Assigned task
Down to the last line, reproduce the data that follows, but skip the pictures.
[The records]
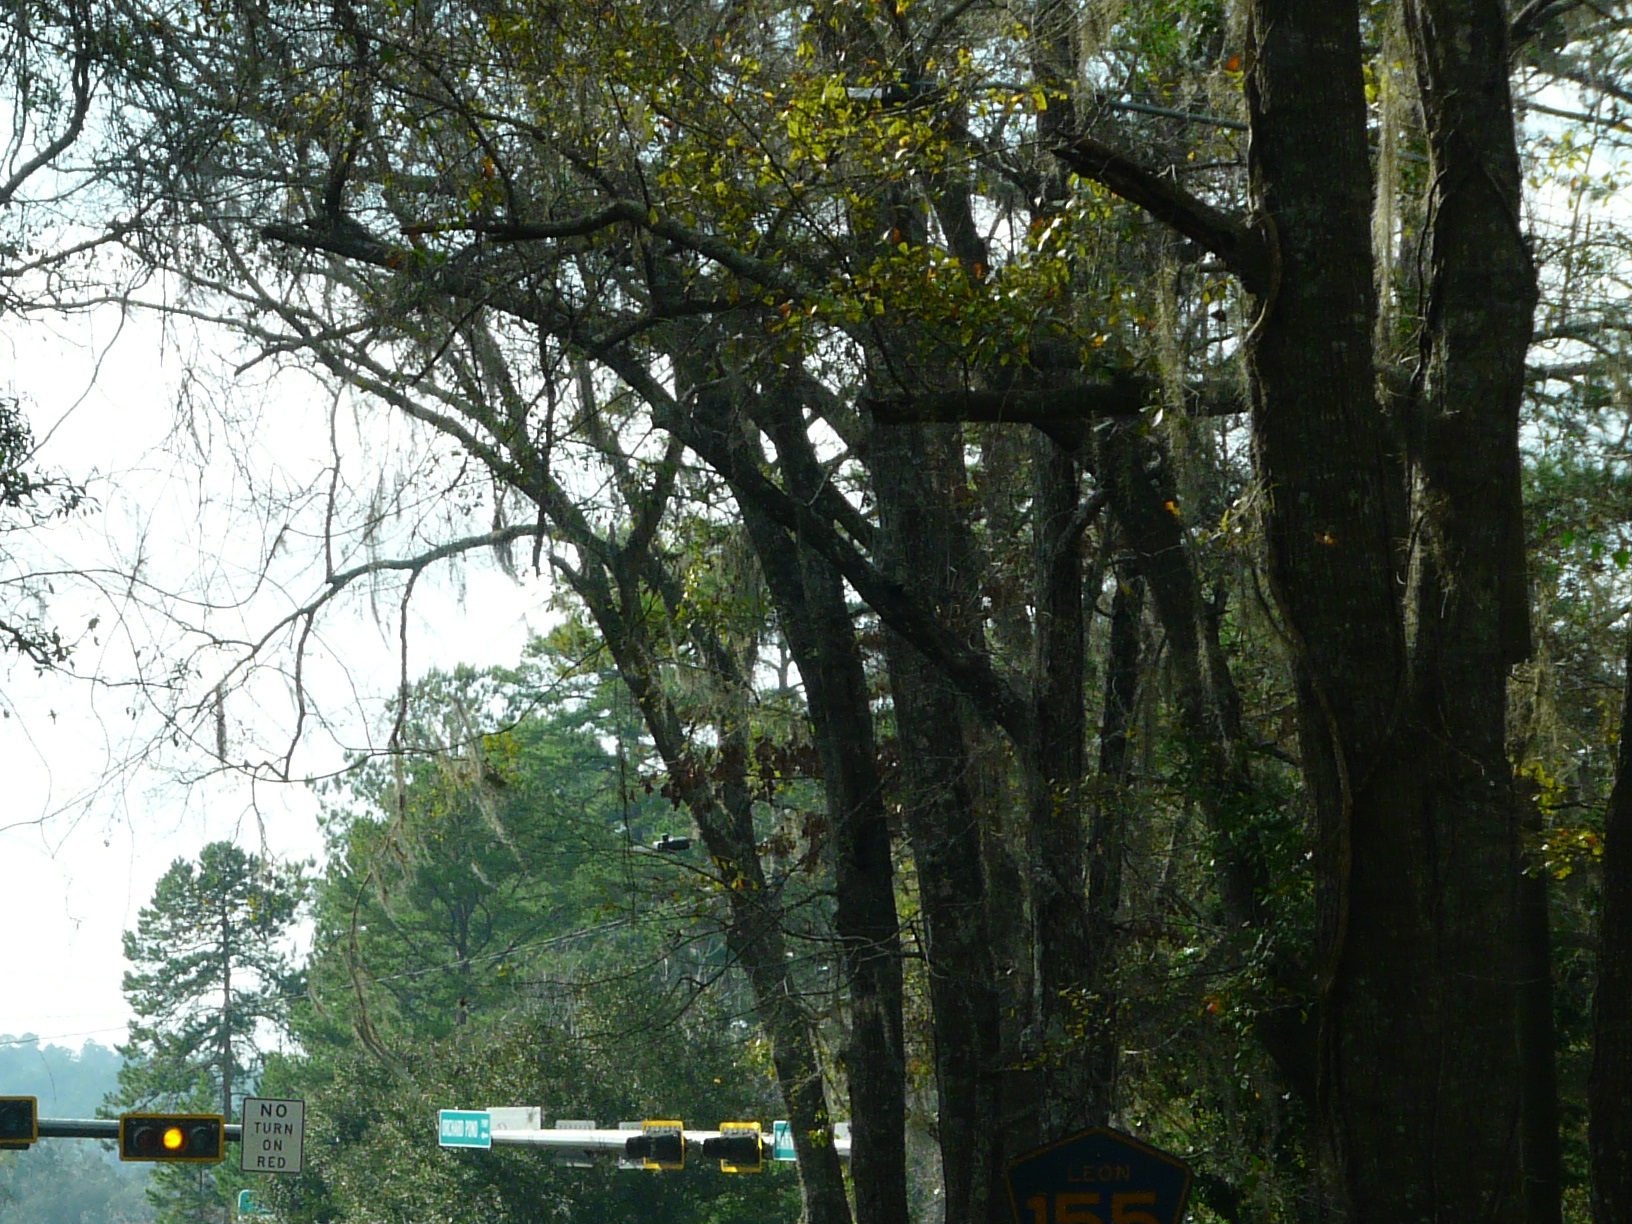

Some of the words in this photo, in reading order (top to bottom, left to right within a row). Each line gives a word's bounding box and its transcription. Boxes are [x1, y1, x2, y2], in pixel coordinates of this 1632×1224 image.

[260, 1103, 287, 1118] NO
[254, 1121, 293, 1136] TURN
[262, 1139, 282, 1152] ON
[257, 1156, 286, 1169] RED
[1068, 1164, 1130, 1182] LEON
[/The records]
Result of this exercise
Some of the words in this photo, in reading order (top to bottom, left to right within a row). Each line gives a word's bounding box and its transcription. Boxes are [x1, y1, x2, y2], in pixel coordinates of this 1632×1224 image.

[260, 1103, 287, 1118] NO
[254, 1121, 293, 1136] TURN
[262, 1139, 282, 1152] ON
[257, 1156, 286, 1169] RED
[1068, 1164, 1130, 1182] LEON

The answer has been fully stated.